Career Profile: Claims Adjuster
Why Is Claims Adjustment a Job of Tomorrow?
Claims adjustment is recession proof because as long as people continue buying insurance, they will need claims adjusters to help them file for compensation. Employment opportunities for claims adjusters are expected to increase 9 percent, according to the Bureau of Labor Statistics. Claims adjusters make an average salary of $50,660 annually.

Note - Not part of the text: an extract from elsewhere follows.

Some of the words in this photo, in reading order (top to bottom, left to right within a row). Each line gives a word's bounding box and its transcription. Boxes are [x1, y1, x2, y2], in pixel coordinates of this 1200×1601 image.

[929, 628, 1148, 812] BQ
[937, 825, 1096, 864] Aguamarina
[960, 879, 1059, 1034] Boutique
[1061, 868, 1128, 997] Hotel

What Does a Claims Adjuster Do?
Claims adjusters work with individuals and insurance companies to manage a claim. Insurance is bought by individuals to protect them from monetary loss due to an accident, natural disaster or other incident in which property or health is damaged. When one of these incidents occurs, the insurance policyholder files a claim to ask for compensation from the insurance company. It is the claims adjuster's job to investigate these claims and ensure that the policyholder indeed should receive compensation from the insurance company. Claims adjusters typically conduct investigations through interviews with the policyholder, examining photographic, video or written evidence, and in certain cases, consulting with other professionals. After conducting a thorough investigation on the matter, adjusters record their findings and determine whether the claim is legitimate or fraudulent. If the claim is legitimate, adjusters will negotiate the terms of settlement with the policyholder. If the claim is fraudulent, the adjuster will work with attorneys to challenge the claim on the insurance company's behalf.
What Kind of Training Do I Need to Become a Claims Adjuster?

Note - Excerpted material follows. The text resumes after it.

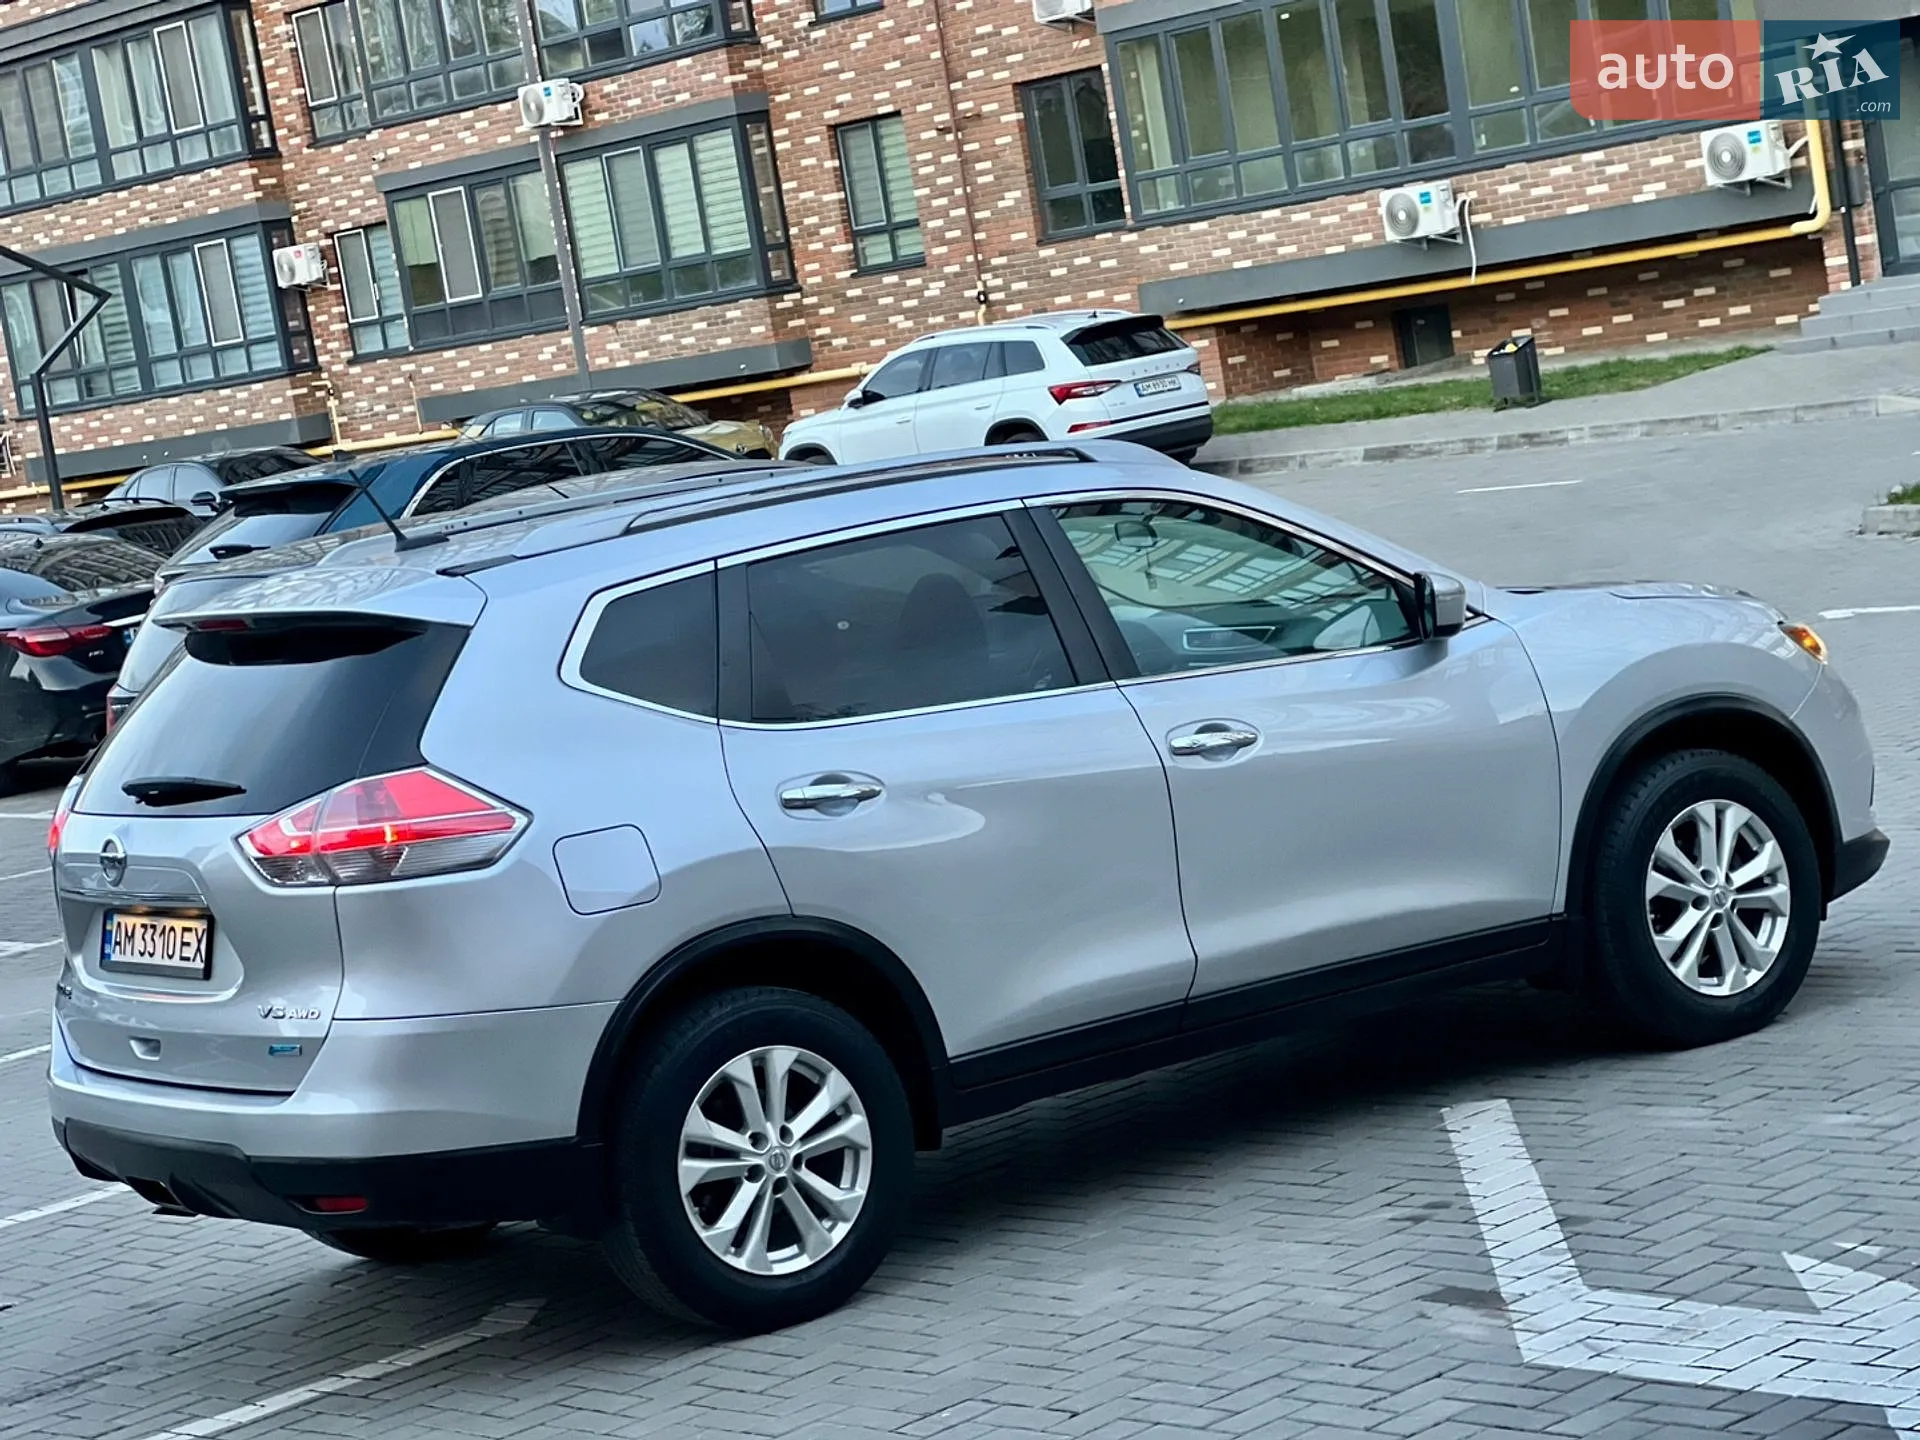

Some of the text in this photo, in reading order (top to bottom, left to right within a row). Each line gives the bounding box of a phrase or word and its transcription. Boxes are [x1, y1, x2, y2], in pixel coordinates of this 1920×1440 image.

[112, 921, 206, 964] AM 3310 EX
[288, 1008, 321, 1020] AWD

Though there are no formal education requirements for claims adjusters, many employers are now specifically hiring those with either an associate or bachelor's degree in a variety of fields. Most degree plans will prove useful in the field. An associate degree takes two years to earn, and a bachelor's degree takes four years. The specific courses taken depend on the field of study the student enters. Claims adjusters must be licensed to work. Licensure requirements vary by state.